In 1978, he helped compose the song "Goodbye Summer Breeze" for Mariya Takeuchi's debut album Beginning. The following year, he wrote "September," Takeuchi's third single, which earned her the Japan Record Award for Best New Artist at the 21st Japan Record Awards in December 1979. That same year, he composed the song "Mayonaka no Door" for Miki Matsubara. The single's commercial success significantly boosted the popularity of both Matsubara and Hayashi. In 1984 he also took part in the composition of the third opening theme of the 1981 anime Urusei Yatsura, "Pajama Jama Da".

Back in 1983, he became involved with the band S. Kiyotaka & Omega Tribe, which was part of the Omega Tribe project by Koichi Fujita with Kiyotaka Sugiyama as the lead singer. He contributed to writing all of their singles and multiple other songs, including "Summer Suspicion" (1983), "Kimi no Heart wa Marine Blue" (1984), and "Futari no Natsu Monogatari" (1985), the latter of which was completed in two days. He convinced the group to record a final album after they had voted to split up, resulting in the 1985 album First Finale.

That same year he became involved with Omega Tribe, he met Junichi Inagaki and later provided the songs "Maria" and "Idasenakute" for Inagaki's third album J.I., as well as providing the song "Kanashī Iroyane" for Masaki Ueda. After he wrote "Summer Suspicion," idol Akina Nakamori requested that he write a song for her. She asked for something between the strong "Shōjo A" and the gentle "Second Love." Although Hayashi found this a challenging request, he wrote the song "Kita Wing". He also became widely active as a music director and producer of film and drama soundtracks and events. In 1987, he contributed to the film Hachikō Monogatari by both singing and composing music for its soundtrack.

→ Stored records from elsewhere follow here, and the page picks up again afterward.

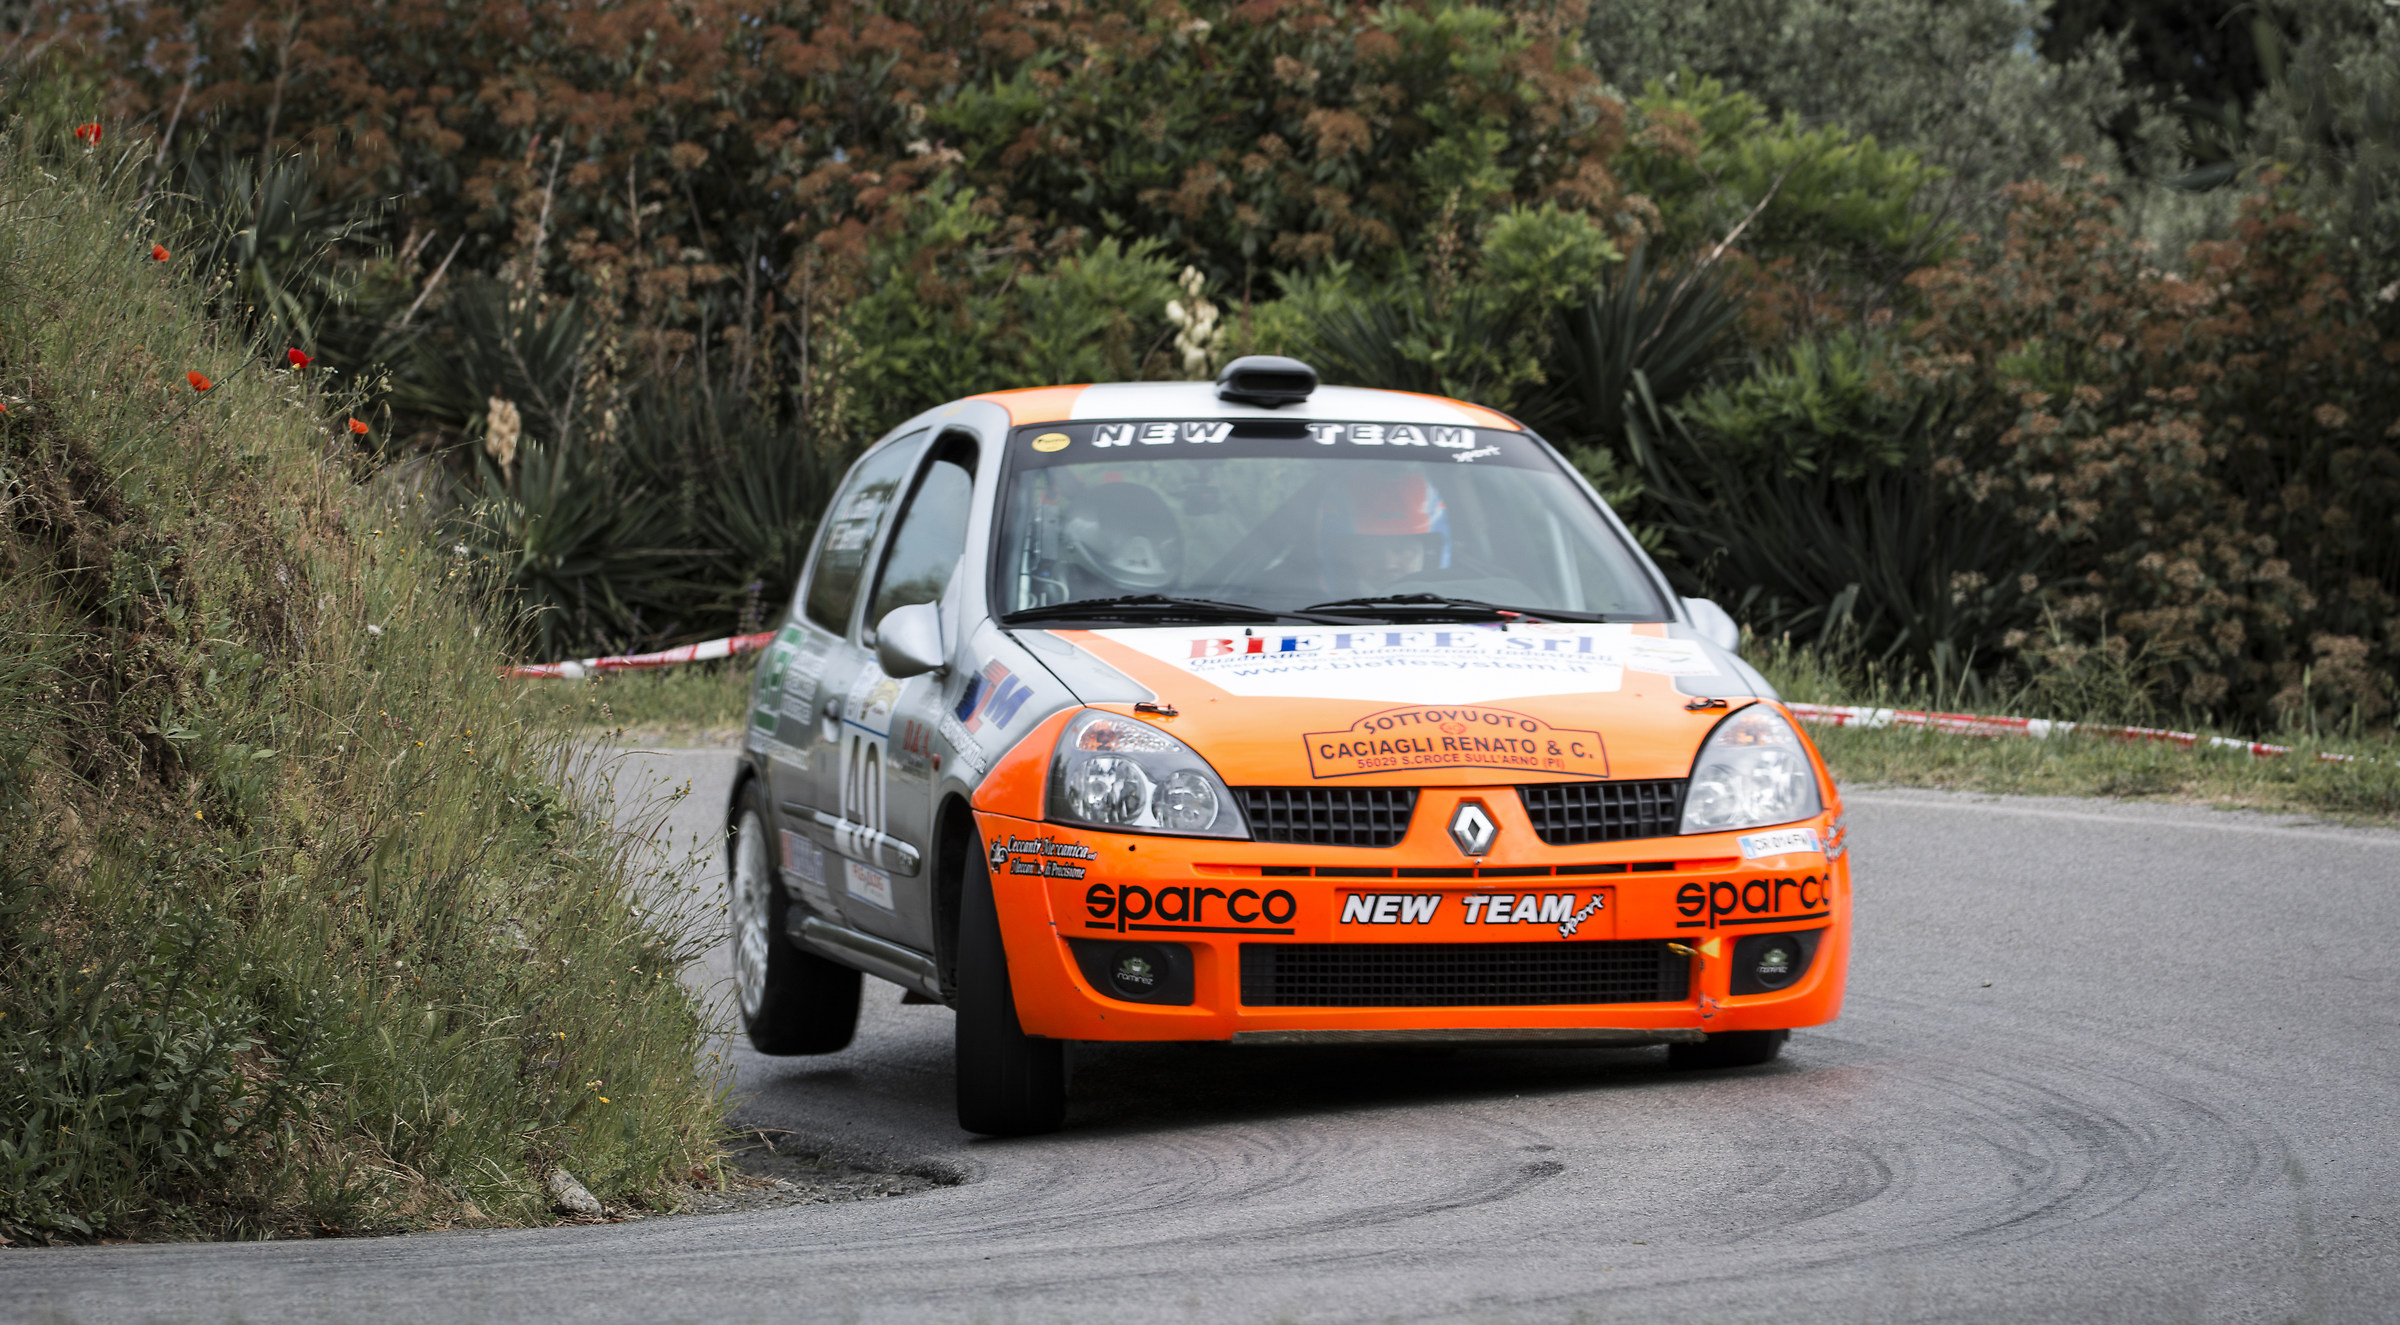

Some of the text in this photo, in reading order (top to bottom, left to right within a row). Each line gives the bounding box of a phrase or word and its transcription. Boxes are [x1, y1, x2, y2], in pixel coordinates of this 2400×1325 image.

[1091, 422, 1235, 448] NEW
[1305, 423, 1476, 449] TEAM
[1233, 659, 1591, 676] www.bieffesystem.it
[1363, 711, 1538, 735] SOTTOVUOTO
[1320, 736, 1593, 760] CACIAGLI RENATO & C.
[1357, 753, 1565, 770] 56029 S.CROCE SULL'ARNO (PI)
[846, 734, 883, 864] 40
[1085, 883, 1297, 934] sparco
[1340, 893, 1576, 924] NEW TEAM
[1558, 893, 1604, 939] sport
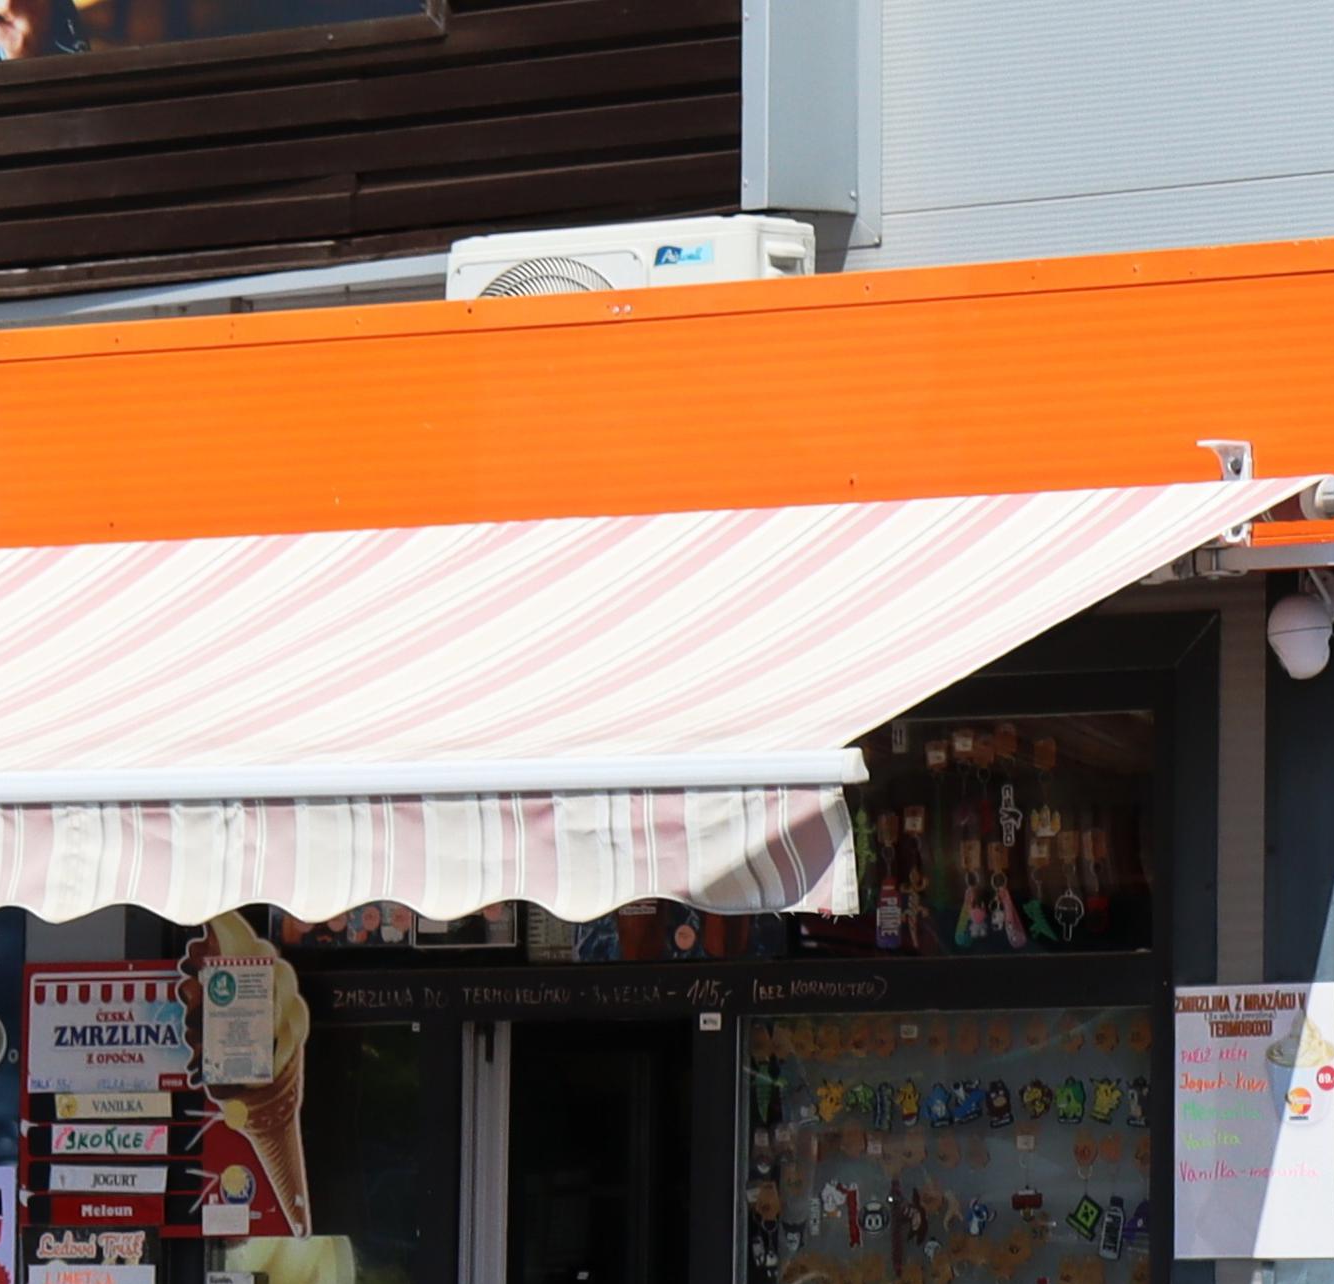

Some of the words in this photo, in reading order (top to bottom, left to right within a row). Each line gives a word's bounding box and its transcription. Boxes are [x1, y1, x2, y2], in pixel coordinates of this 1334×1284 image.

[95, 1009, 134, 1022] ČESKÁ
[54, 1024, 179, 1047] ZMRZLINA
[86, 1053, 95, 1065] Z
[95, 1051, 145, 1065] OPOČNA
[91, 1099, 144, 1113] VANILKA
[91, 1174, 138, 1188] JOGURT
[80, 1203, 134, 1218] Meloun
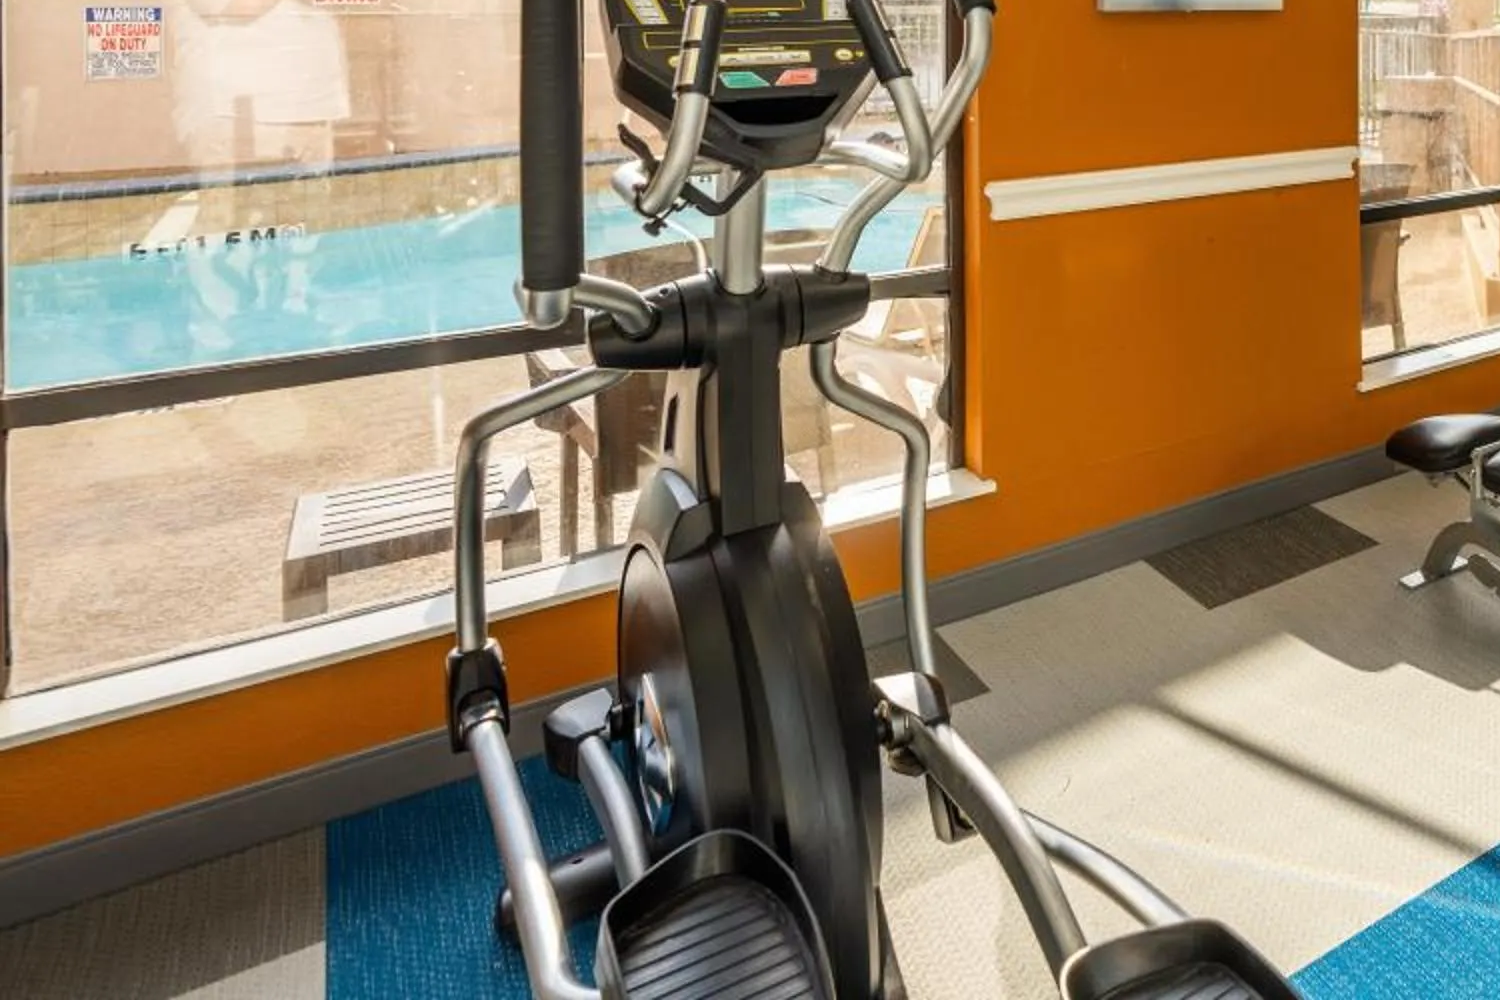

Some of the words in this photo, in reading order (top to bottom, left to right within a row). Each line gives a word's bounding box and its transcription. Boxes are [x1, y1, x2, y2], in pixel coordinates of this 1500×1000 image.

=== Retirement plans and rejoining music ===
By 2008, Hayashi had decided to retire, but on October 23, 2008, he appeared at a concert to commemorate the 35th anniversary of his career at the Tokyo International Forum. With guests such as Sugiyama, Ueda, Inagaki, and Takeuchi (the latter of whom was invited as a secret guest), the support from his fans at the event changed Hayashi's mind about retiring. He returned to work as a producer and composer, collaborating with Sugiyama on the 2011 album Kiyotaka Sugiyama meets Tetsuji Hayashi Reunited. The following year, he wrote the song "Namidame no Alice" for Shiori Tamai, which became known as a "divine song" among fans. In 2018, he formed The Band Eight and began working as a performer within the band. In July of the same year, he started the "Song File Live" series, which delivers his hit songs to his fans, with Kiyotaka Sugiyama as the first guest.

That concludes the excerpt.